Ecartons d’emblée un malentendu, affirmer que l’hygiène s’est accentuée à cause de la pandémie revient à oublier que la propreté corporelle est le fruit d’une lente conquête de l’ensemble du corps, plus particulièrement des parties qui ne se voient pas et qui échappèrent pendant longtemps au lavage. En la matière, la société occidentale a accompli un long travail sur plusieurs siècles pour arriver au régime de propreté actuelle. À cette échelle, on ne peut donc pas dire que nous vivons aujourd’hui un profond bouleversement.
Dans le passé, quels gestes prônait-on pour se protéger de la maladie ou d’une épidémie ?
La lèpre est la toute première épidémie qui amène l’humanité à s’interroger sur ce qu’il faut faire pour s’en protéger. Nous vivons avec cette maladie depuis des temps immémoriaux. Dès l’Antiquité, elle a suscité le sentiment que le contact de l’autre était dangereux. Mais les raisons invoquées pour justifier cette distanciation sociale sont différentes de celles que nous connaissons aujourd’hui. Au Moyen Age, le lépreux était considéré dangereux, non seulement par le contact de sa peau, mais aussi parce que des humeurs néfastes émanaient de lui, contrariant ses entours. Sa proximité était dangereuse, la société a donc choisi de l’exclure, jusqu’à la mort civile, et des léproseries ont été créées.

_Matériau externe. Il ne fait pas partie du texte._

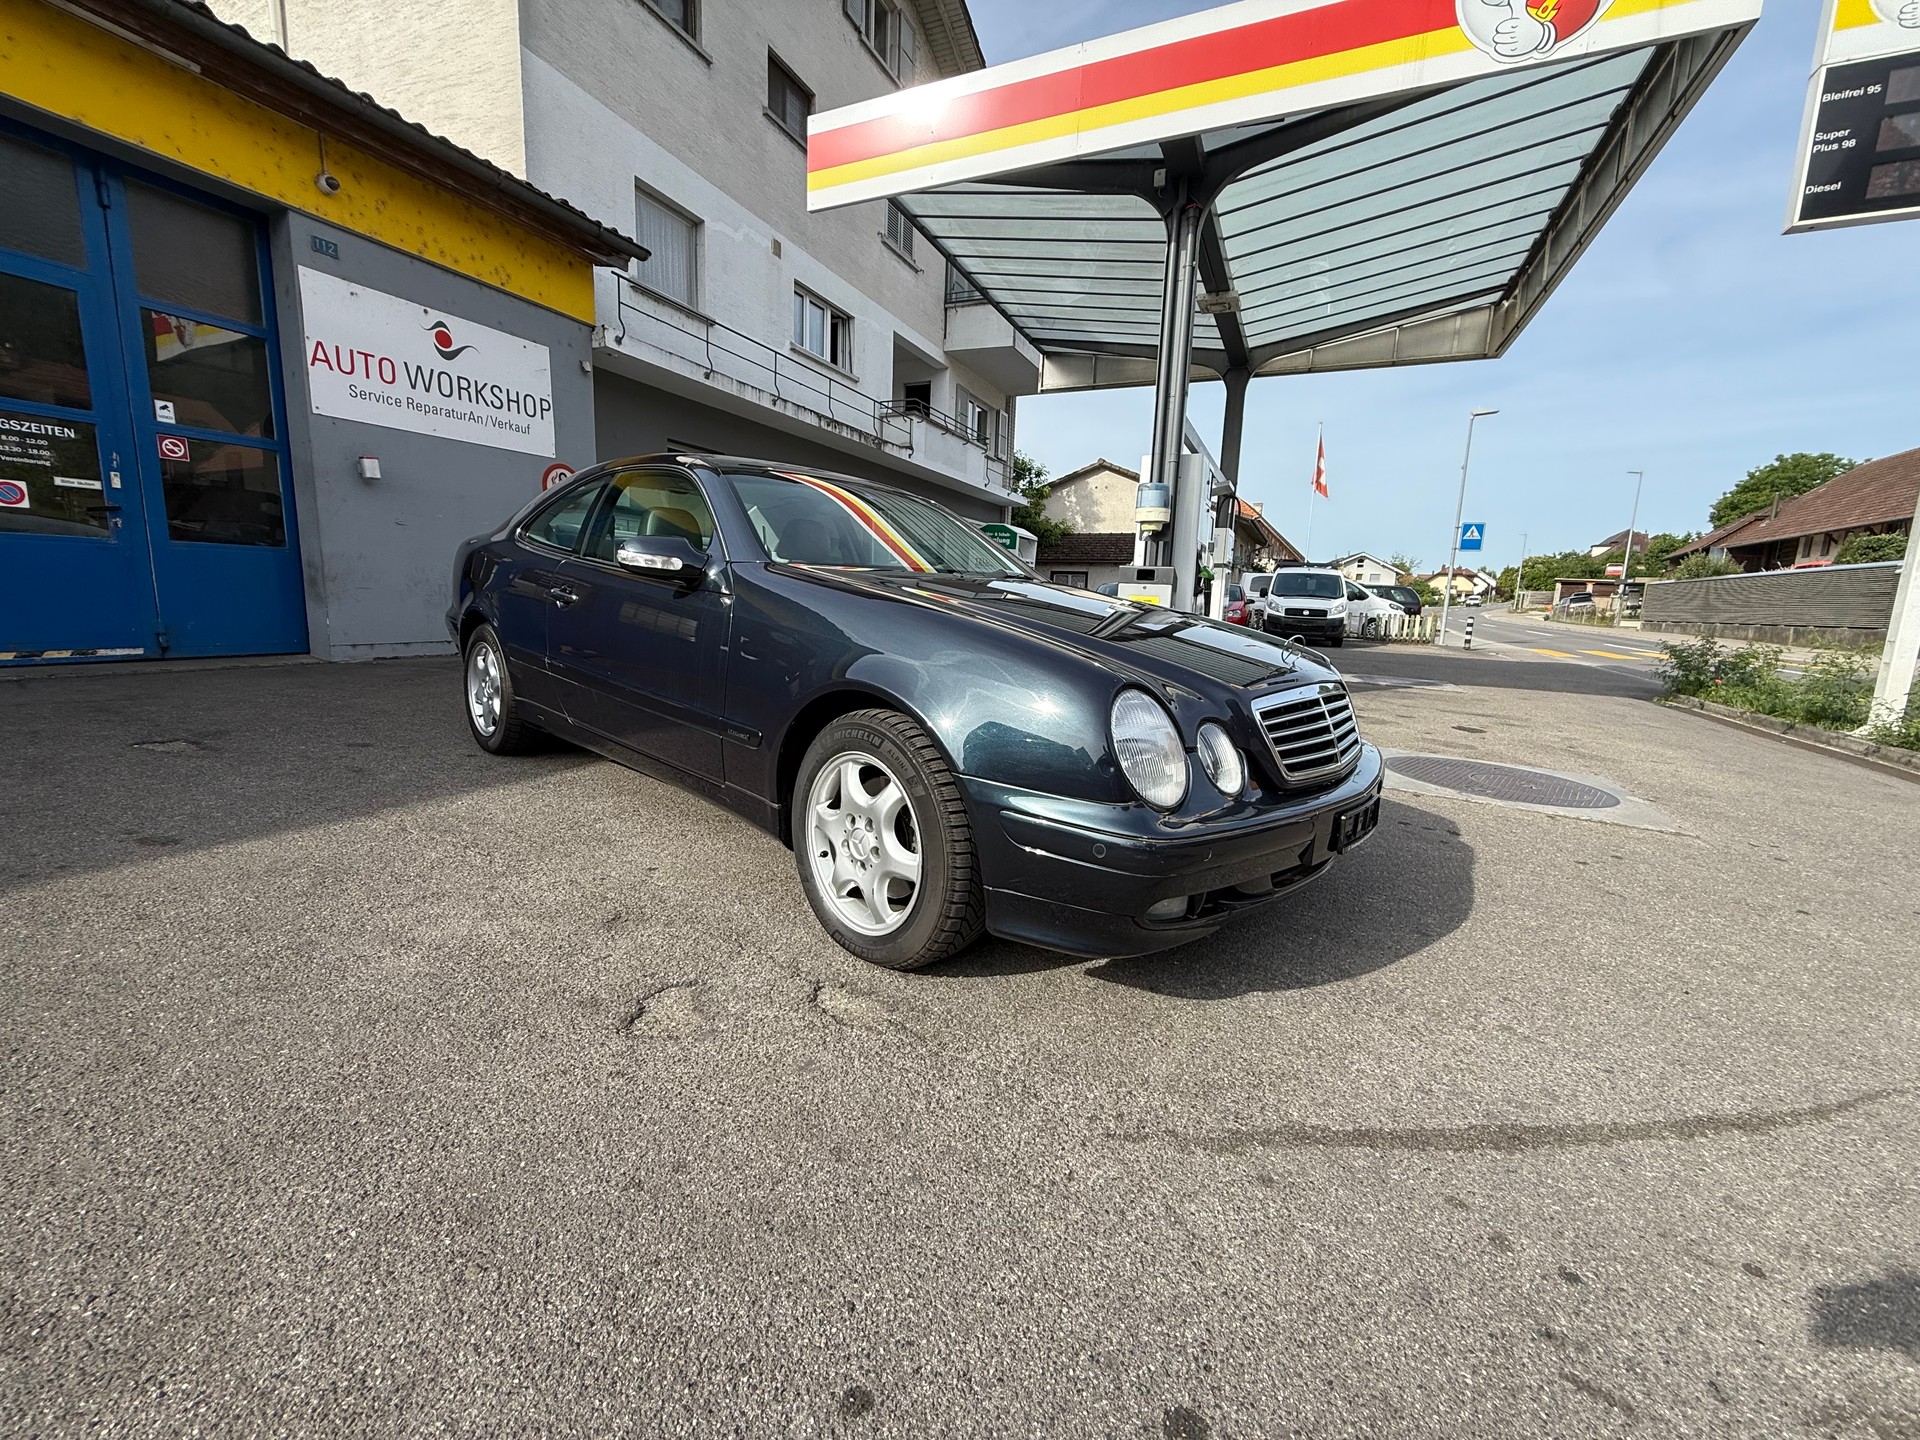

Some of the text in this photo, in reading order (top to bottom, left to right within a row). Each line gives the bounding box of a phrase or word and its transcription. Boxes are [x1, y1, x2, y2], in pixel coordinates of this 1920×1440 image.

[1822, 84, 1882, 103] Bleifrei 95
[1815, 128, 1851, 142] Super
[1813, 138, 1857, 154] Plus 98
[1805, 181, 1842, 195] Diesel
[313, 238, 337, 256] 112
[310, 340, 552, 421] AUTO WORKSHOP
[348, 383, 531, 436] Service ReparaturAn/Verkauf
[25, 437, 48, 446] 12.00
[833, 728, 883, 748] MICHELIN
[886, 748, 907, 769] ALPIN
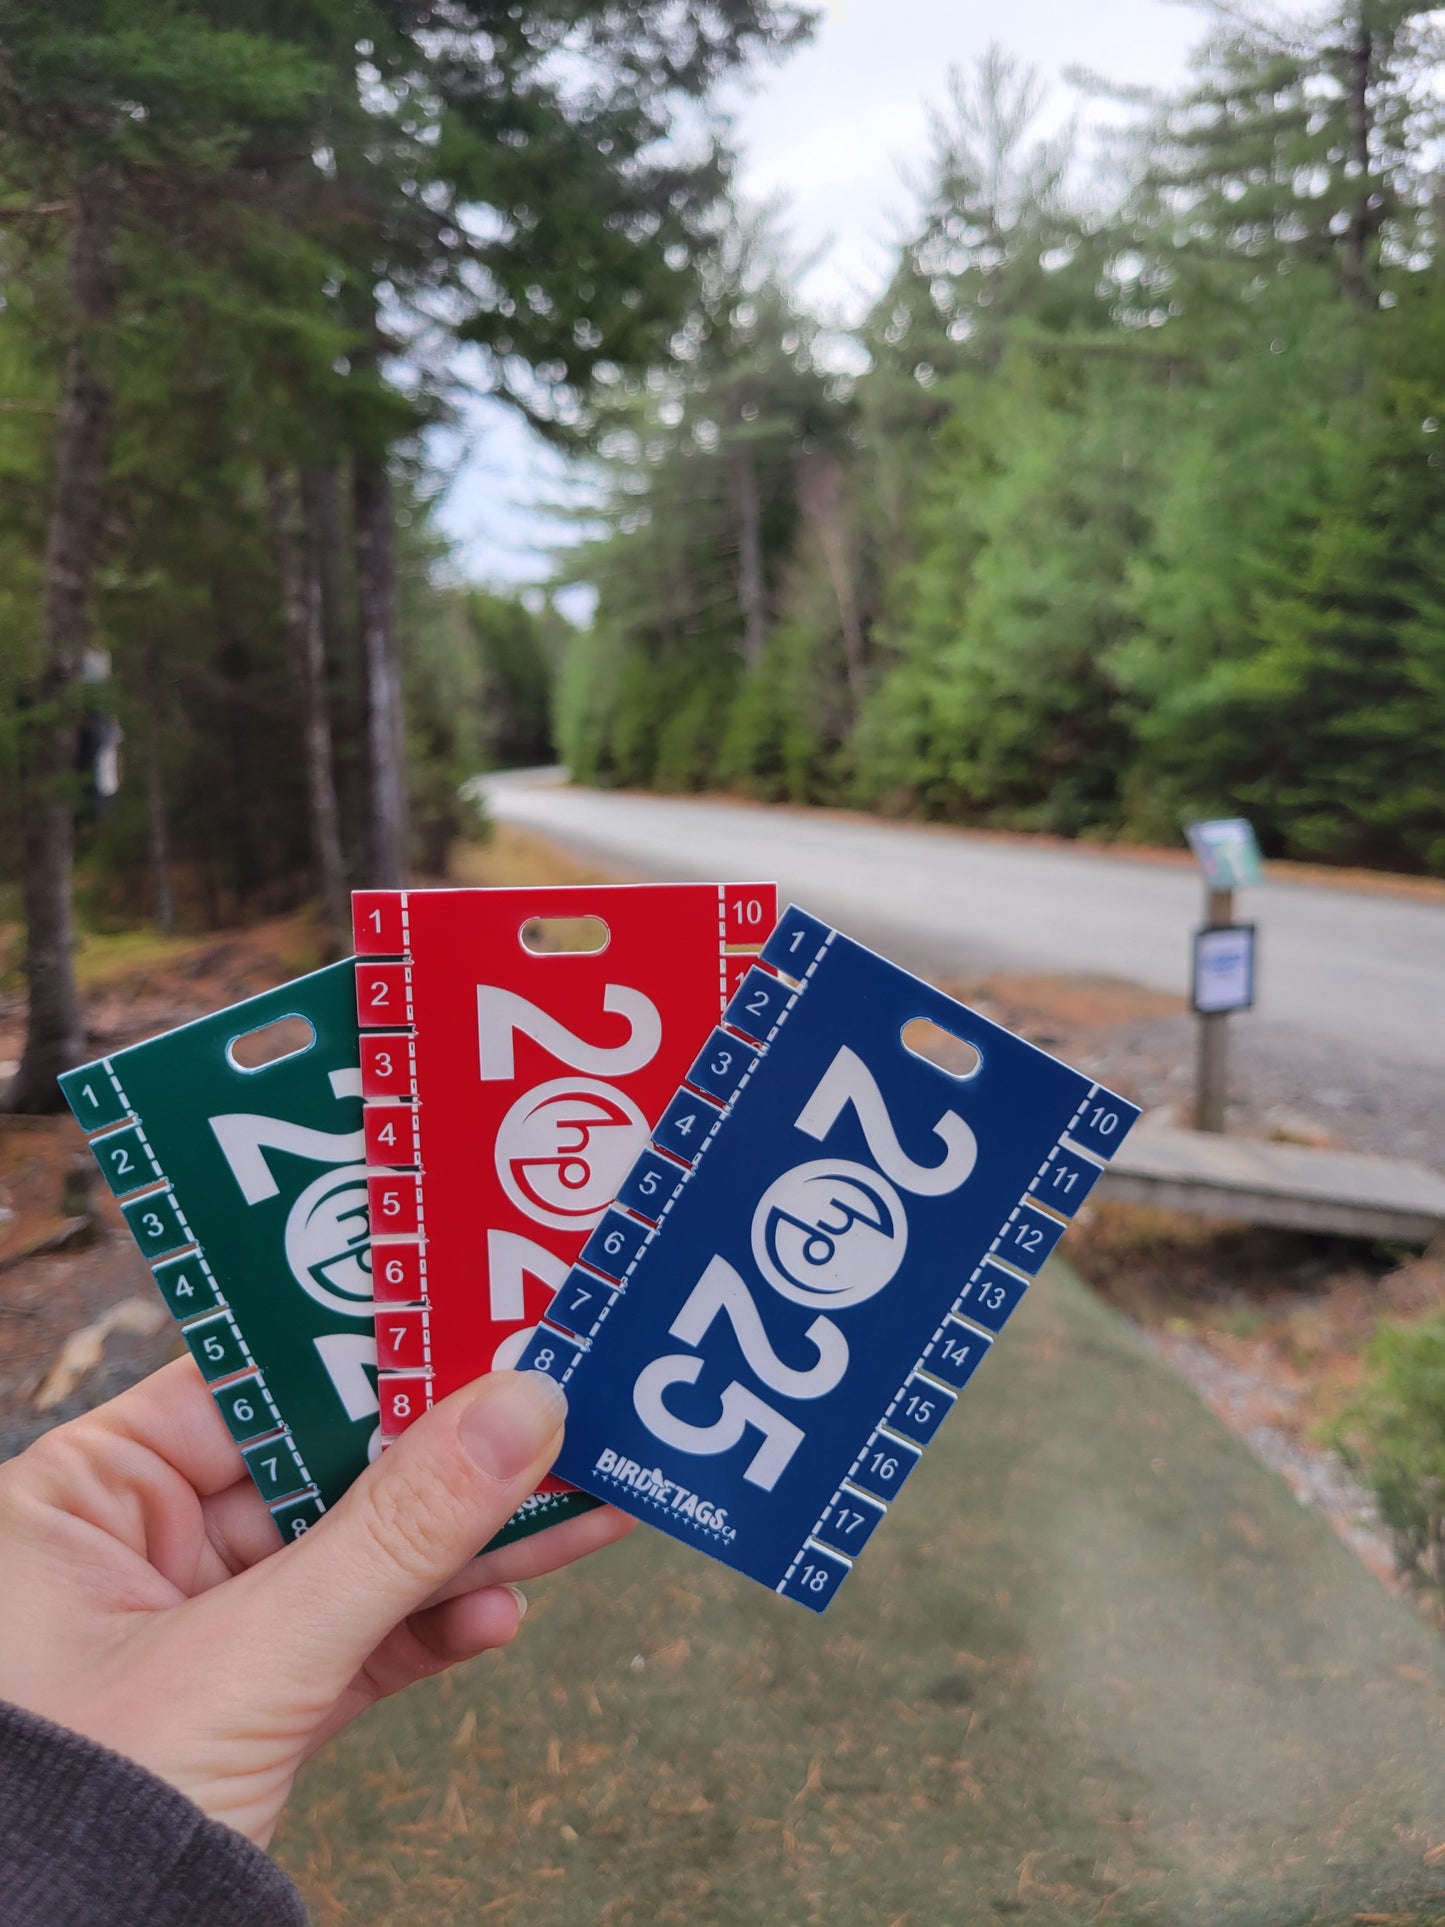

Second exemple, la peste. En 1348, elle détruit la moitié de la population de l’Europe. Or la dangerosité du contact n’a pas été immédiatement reconnue. Les populations ont d’abord pensé que la menace venait du « venin de l’air ». En guise de gestes-barrières, on pratiquait l’aération et la propagation de parfums variés, afin de chasser les vapeurs supposées putrides. Puis, progressivement, le contact a aussi été mis en cause, si bien que l’exclusion a de nouveau été pratiquée, jusqu’à l’enfermement du malade.
Vous dites que l’idée que l’on se fait aujourd’hui de la propreté est le fruit d’un long travail. Que signifiait être propre au Moyen Age et dans les époques subséquentes ?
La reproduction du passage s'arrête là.